[RECORDED INFORMATION Boundary: Start]

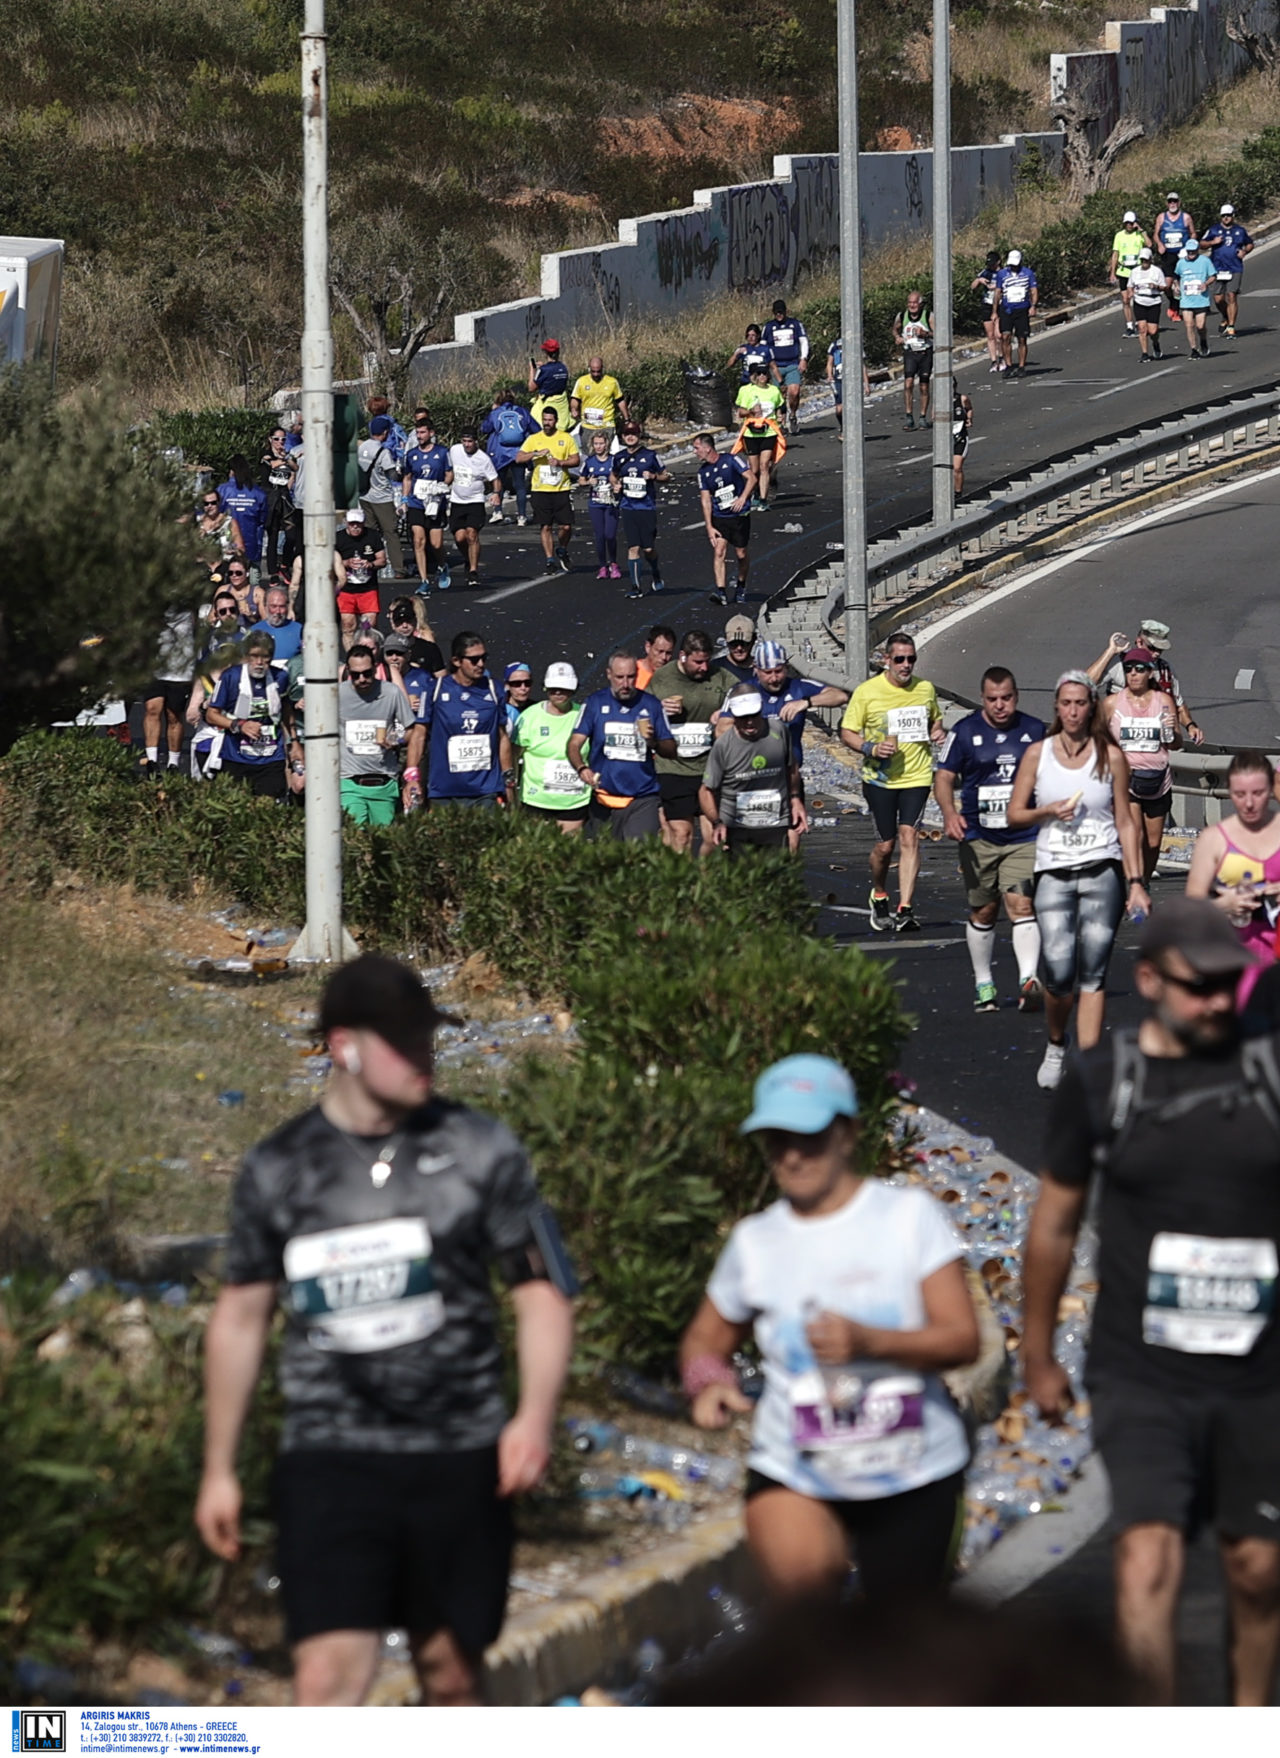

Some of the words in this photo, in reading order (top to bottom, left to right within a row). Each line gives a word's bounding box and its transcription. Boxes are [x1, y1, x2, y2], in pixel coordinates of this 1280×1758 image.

[1128, 728, 1153, 738] 17511
[458, 747, 484, 757] 15875
[1062, 834, 1097, 847] 15877
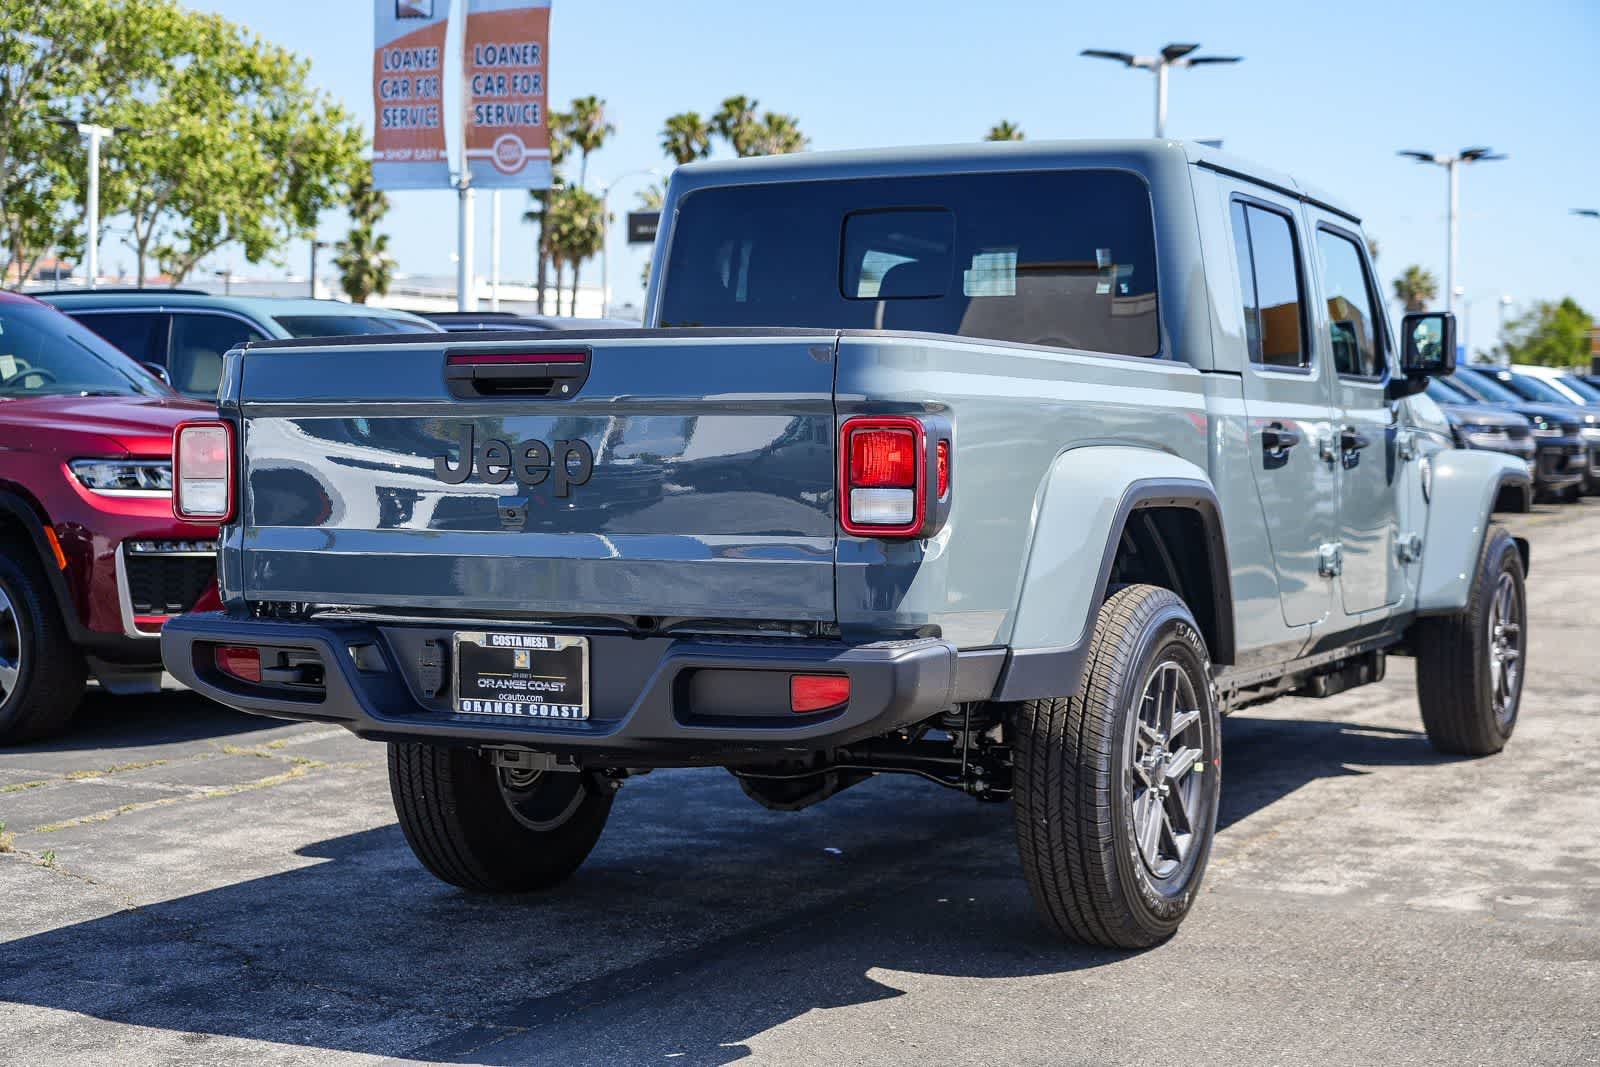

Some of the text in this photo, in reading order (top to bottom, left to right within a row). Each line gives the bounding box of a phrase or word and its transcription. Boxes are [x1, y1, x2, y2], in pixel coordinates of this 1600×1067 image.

[383, 49, 439, 70] LOANER
[475, 45, 542, 66] LOANER
[380, 77, 440, 98] CAR FOR
[472, 74, 542, 95] CAR FOR
[382, 107, 439, 128] SERVICE
[474, 104, 541, 125] SERVICE
[434, 424, 594, 498] Jeep
[492, 635, 549, 648] COSTA MESA
[477, 678, 567, 692] ORANGE COAST
[498, 693, 544, 703] ocauto.com
[462, 701, 580, 718] ORANGE COAST
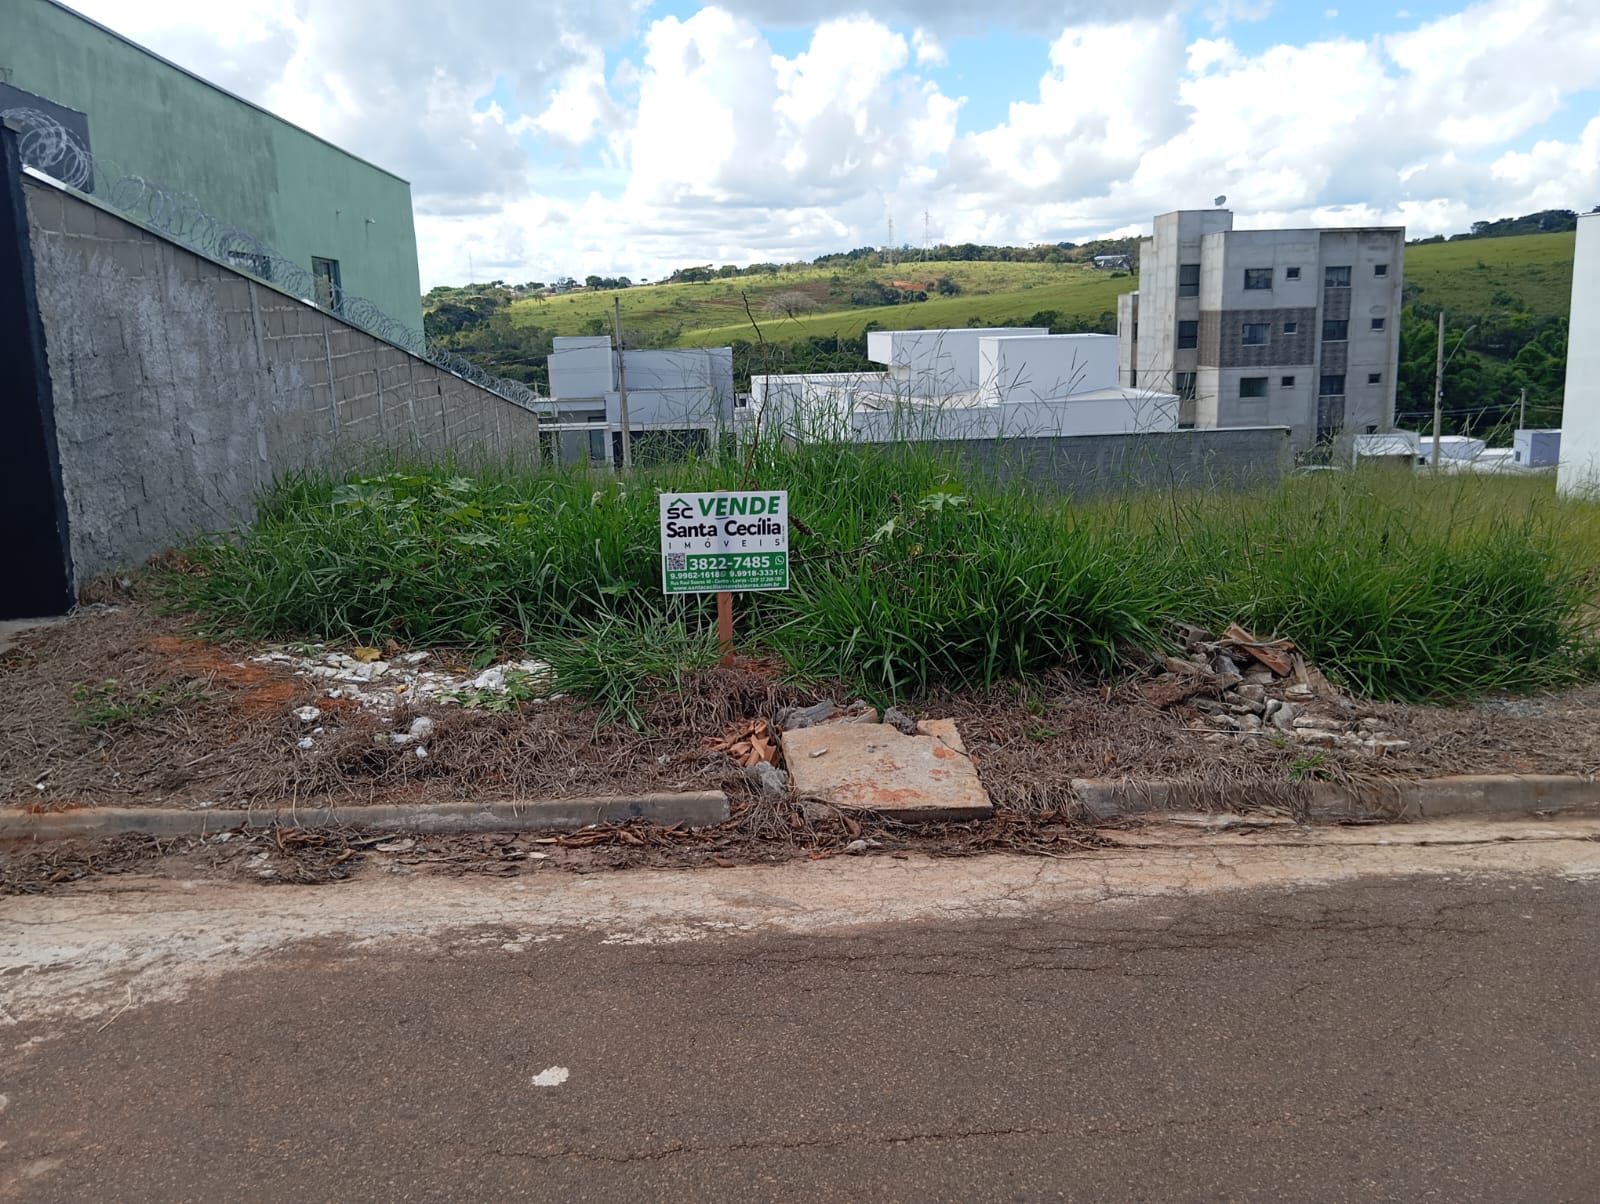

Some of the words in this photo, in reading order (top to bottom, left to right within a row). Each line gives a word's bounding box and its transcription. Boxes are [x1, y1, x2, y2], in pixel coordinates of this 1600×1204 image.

[RECORDED INFORMATION Boundary: End]

• TASK DETAILS
Print all entries exactly; skip the pictures.

• ANSWER FOR THIS EXERCISE
Some of the words in this photo, in reading order (top to bottom, left to right within a row). Each line gives a word's bounding box and its transcription. Boxes are [x1, y1, x2, y2], in pixel coordinates of this 1280×1758 image.

[1128, 728, 1153, 738] 17511
[458, 747, 484, 757] 15875
[1062, 834, 1097, 847] 15877

Some of the text in this photo, in reading order (top to bottom, left to right within a row). Each line gives the bounding box of a phrase or word and its transcription. Boxes are [x1, y1, x2, y2], in pixel coordinates of this 1600×1067 image.

[383, 49, 439, 70] LOANER
[475, 45, 542, 66] LOANER
[380, 77, 440, 98] CAR FOR
[472, 74, 542, 95] CAR FOR
[382, 107, 439, 128] SERVICE
[474, 104, 541, 125] SERVICE
[434, 424, 594, 498] Jeep
[492, 635, 549, 648] COSTA MESA
[477, 678, 567, 692] ORANGE COAST
[498, 693, 544, 703] ocauto.com
[462, 701, 580, 718] ORANGE COAST

Some of the words in this photo, in reading order (top to bottom, left to right within a row). Each line gives a word's bounding box and its transcription. Boxes are [x1, y1, x2, y2], in pixel coordinates of this 1600×1204 image.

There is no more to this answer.